## <span style='color:#ff5f27'> 📝 Imports

In [1]:
from xgboost import XGBRegressor
import hopsworks
from functions.llm_chain import load_model, get_llm_chain, generate_response
import pandas as pd
import warnings
warnings.filterwarnings("ignore")

## <span style="color:#ff5f27;"> 🔮 Connect to Hopsworks Feature Store </span>

In [2]:
project = hopsworks.login()
fs = project.get_feature_store() 

Connected. Call `.close()` to terminate connection gracefully.

Logged in to project, explore it here https://snurran.hops.works/p/5240
Connected.
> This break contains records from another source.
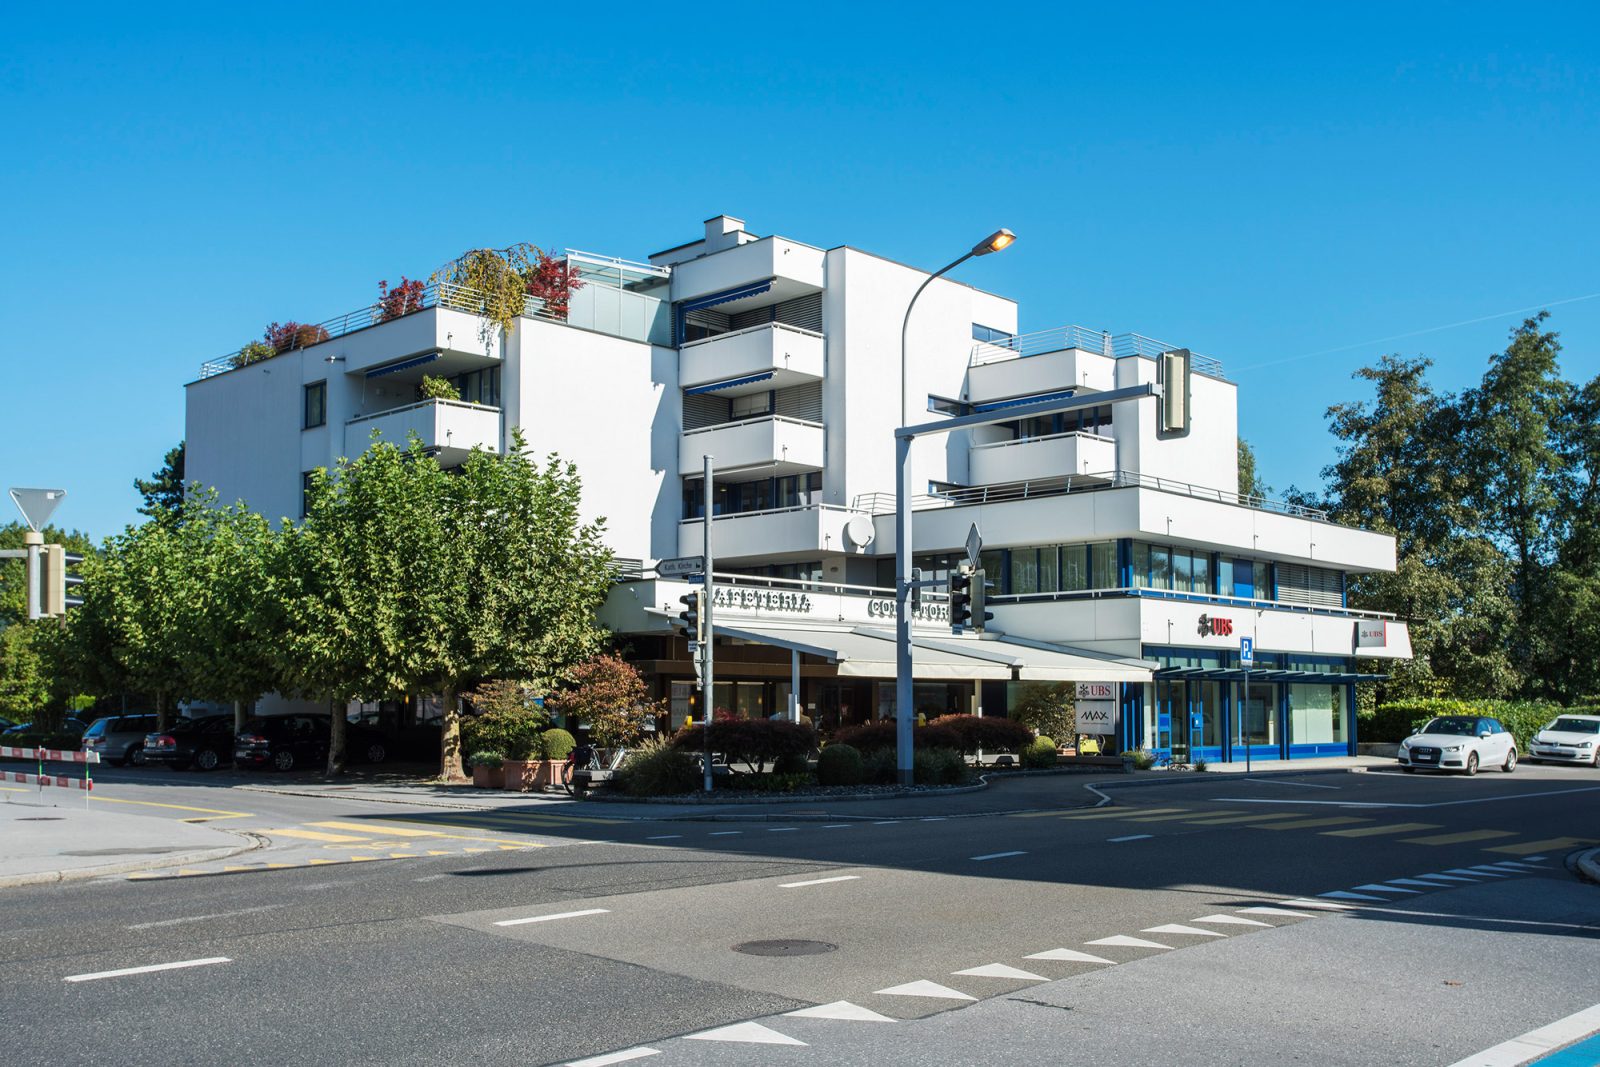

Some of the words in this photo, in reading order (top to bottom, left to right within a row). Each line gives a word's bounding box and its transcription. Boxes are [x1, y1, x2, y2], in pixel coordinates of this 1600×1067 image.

[704, 587, 813, 613] AFETERIA
[1211, 617, 1233, 636] UBS
[1090, 684, 1111, 696] UBS
[1080, 710, 1109, 721] MAX
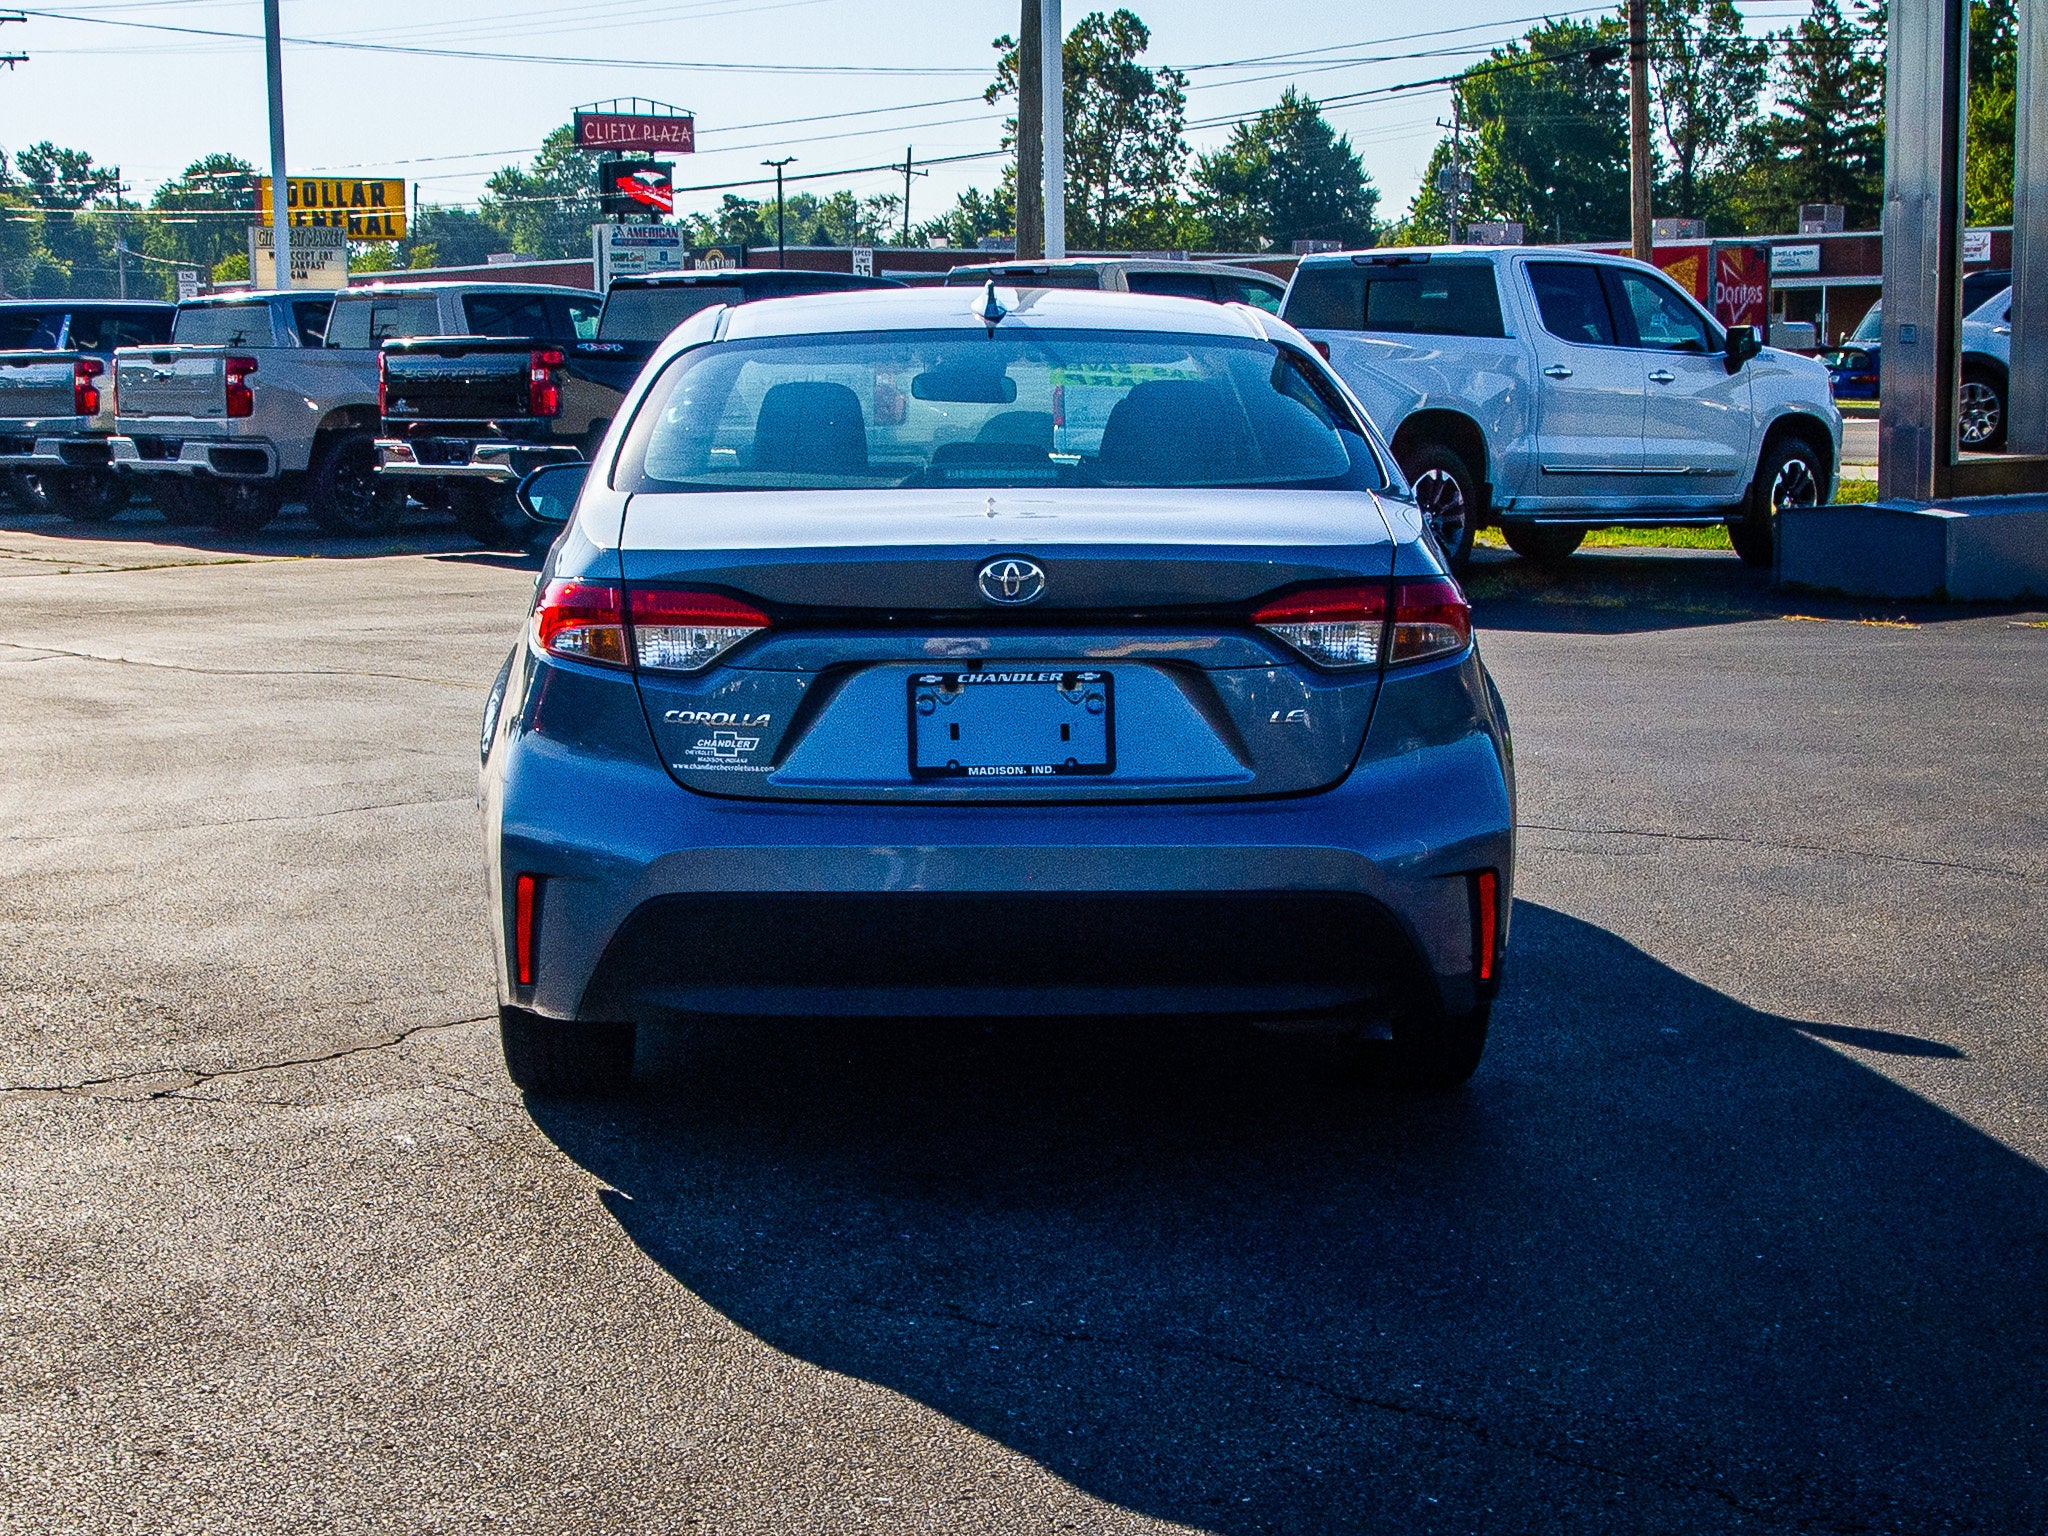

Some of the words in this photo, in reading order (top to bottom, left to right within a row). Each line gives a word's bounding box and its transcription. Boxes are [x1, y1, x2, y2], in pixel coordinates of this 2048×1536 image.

[584, 121, 636, 141] CLIFTY
[643, 125, 691, 143] PLAZA
[287, 181, 386, 208] DOLLAR
[288, 210, 397, 236] ENERAL
[258, 229, 275, 247] CIT
[306, 229, 345, 248] MARKET
[627, 226, 679, 238] AMERICAN
[290, 251, 316, 260] CCEPT
[290, 261, 326, 270] EAKFAST
[855, 264, 871, 277] 35
[1715, 281, 1763, 304] Doritos
[957, 672, 1064, 683] CHANDLER
[664, 709, 771, 727] COROLLA
[1270, 709, 1305, 723] LE
[697, 739, 751, 749] CHANDLER
[672, 763, 776, 772] www.chandlerchevroletusa.com
[1031, 765, 1056, 775] IND.
Call `.close()` to terminate connection gracefully.


In [3]:
# Get_or_create the 'air_quality_fv' feature view
feature_view = fs.get_feature_view(
    name='air_quality_fv',
    version=1
)

# Initialize batch scoring
feature_view.init_batch_scoring(1)


## <span style="color:#ff5f27;">🪝 Retrieve AirQuality Model from Model Registry</span>

In [4]:
# Retrieve the model registry
mr = project.get_model_registry()

# Retrieve the 'air_quality_xgboost_model' from the model registry
retrieved_model = mr.get_model(
    name="air_quality_xgboost_model",
    version=1,
)

# Download the saved model artifacts  to a local directory
saved_model_dir = retrieved_model.download()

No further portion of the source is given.